| Assigned task |
If a line below falls between the line with "this 1920×887 image." and the line with "Some of the words", or is one of those two, output it exactly; output nothing else and no pictures.

| Study material |
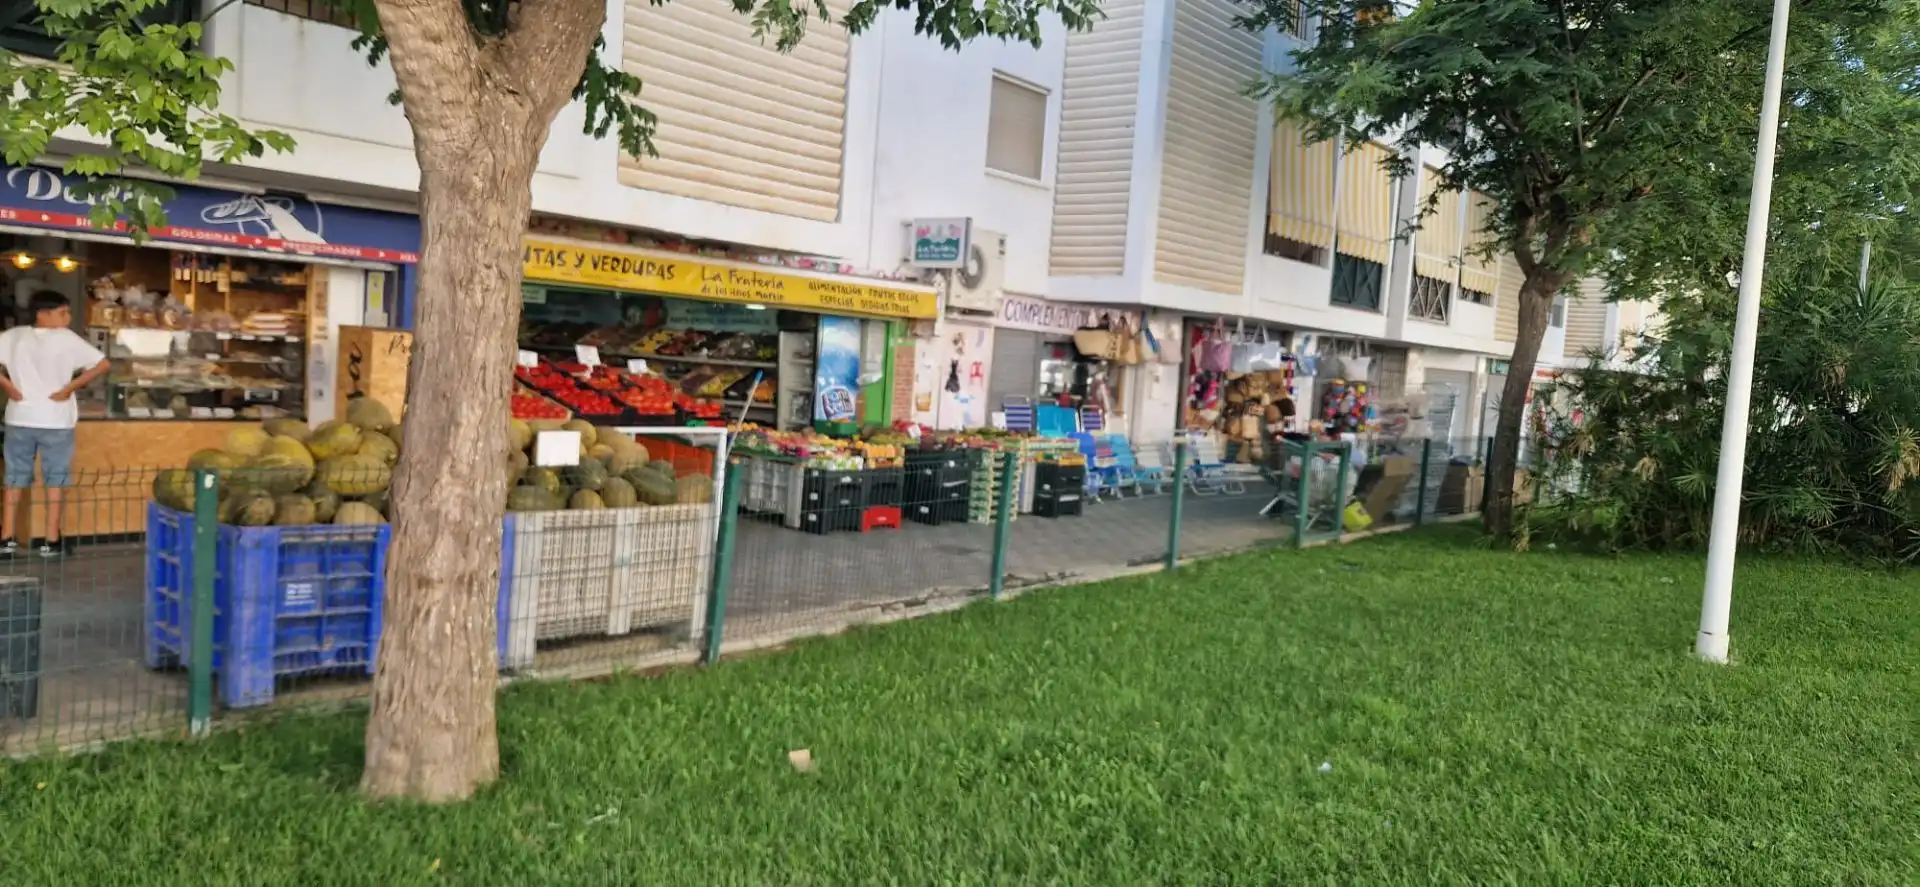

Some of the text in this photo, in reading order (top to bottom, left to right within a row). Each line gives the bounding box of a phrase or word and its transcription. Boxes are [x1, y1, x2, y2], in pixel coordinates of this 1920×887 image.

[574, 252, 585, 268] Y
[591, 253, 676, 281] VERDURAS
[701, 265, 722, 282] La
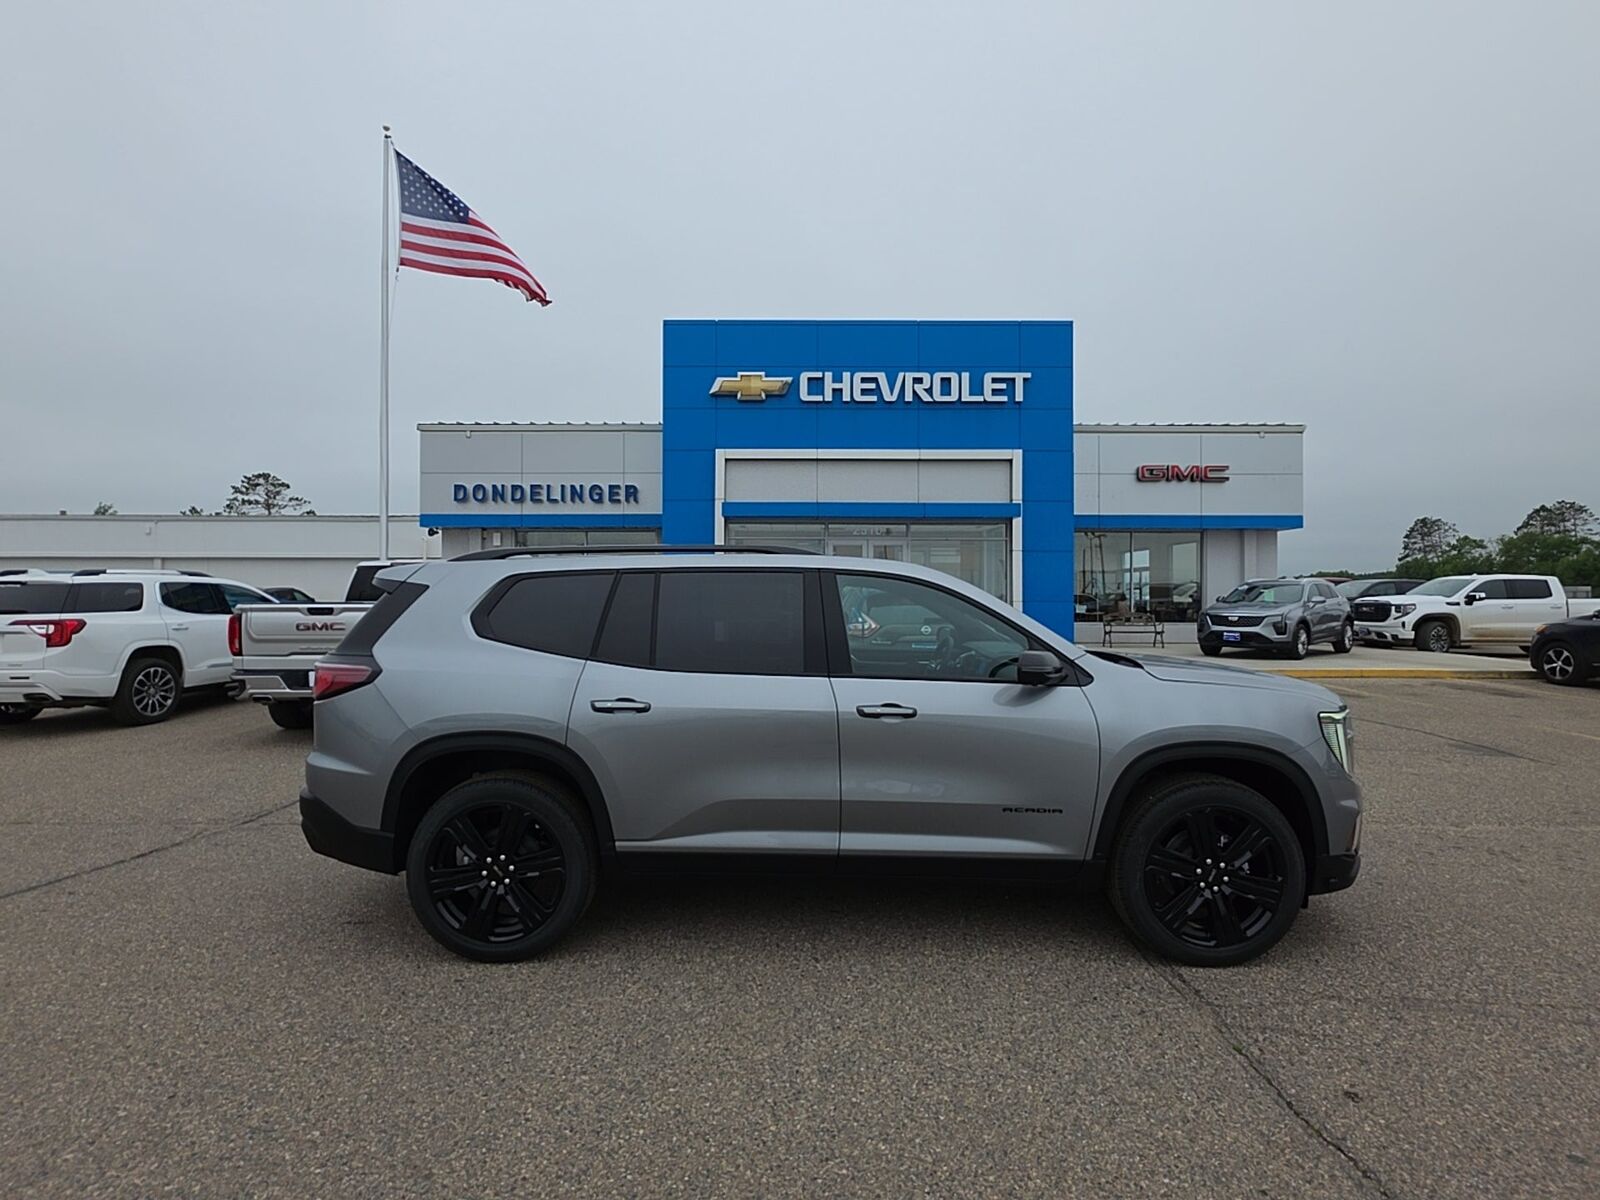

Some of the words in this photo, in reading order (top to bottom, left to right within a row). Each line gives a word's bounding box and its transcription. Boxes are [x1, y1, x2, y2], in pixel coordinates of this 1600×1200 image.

==

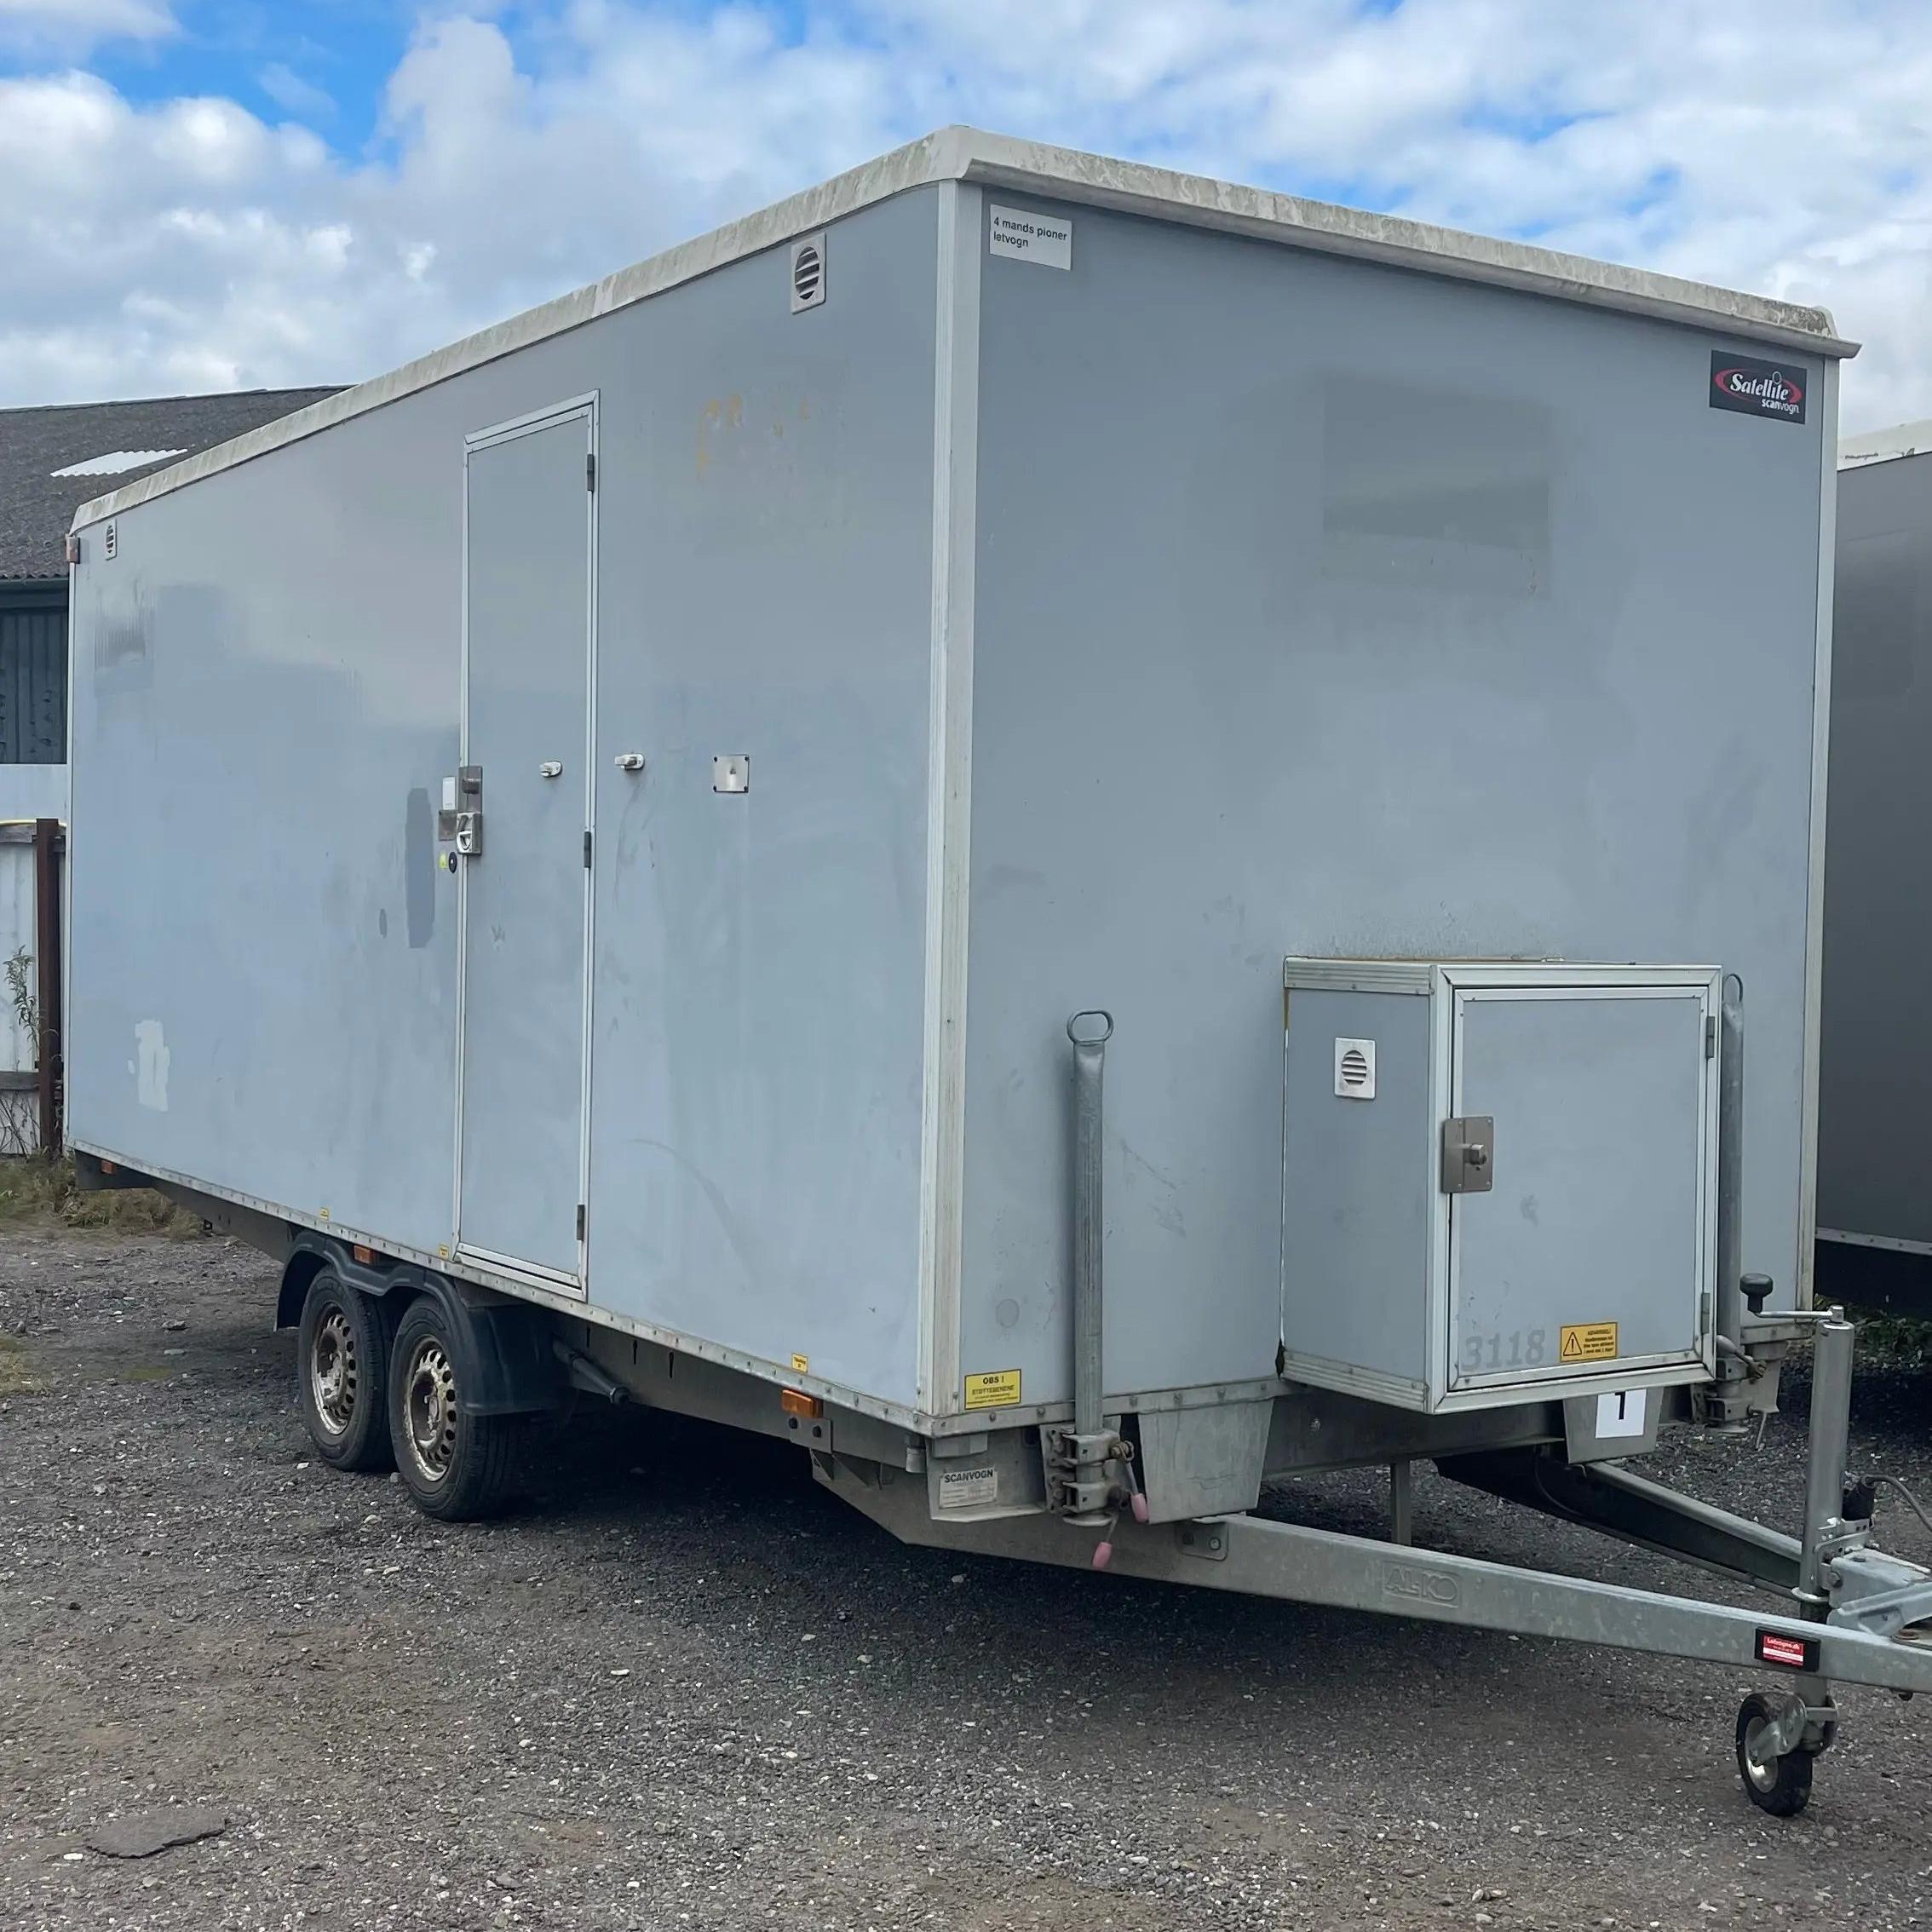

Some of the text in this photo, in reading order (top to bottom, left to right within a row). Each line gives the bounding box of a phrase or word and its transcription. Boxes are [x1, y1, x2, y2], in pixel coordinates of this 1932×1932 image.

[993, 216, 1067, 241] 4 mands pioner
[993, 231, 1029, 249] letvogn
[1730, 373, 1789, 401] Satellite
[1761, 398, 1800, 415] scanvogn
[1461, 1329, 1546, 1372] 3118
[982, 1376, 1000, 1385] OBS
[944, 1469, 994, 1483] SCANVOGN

| Response area |
Some of the text in this photo, in reading order (top to bottom, left to right within a row). Each line gives the bounding box of a phrase or word and its transcription. Boxes are [x1, y1, x2, y2], in pixel coordinates of this 1920×887 image.

[574, 252, 585, 268] Y
[591, 253, 676, 281] VERDURAS
[701, 265, 722, 282] La

Some of the words in this photo, in reading order (top to bottom, left to right within a row). Each line gives a word's bounding box and its transcription. Boxes are [x1, y1, x2, y2], in pixel coordinates of this 1600×1200 image.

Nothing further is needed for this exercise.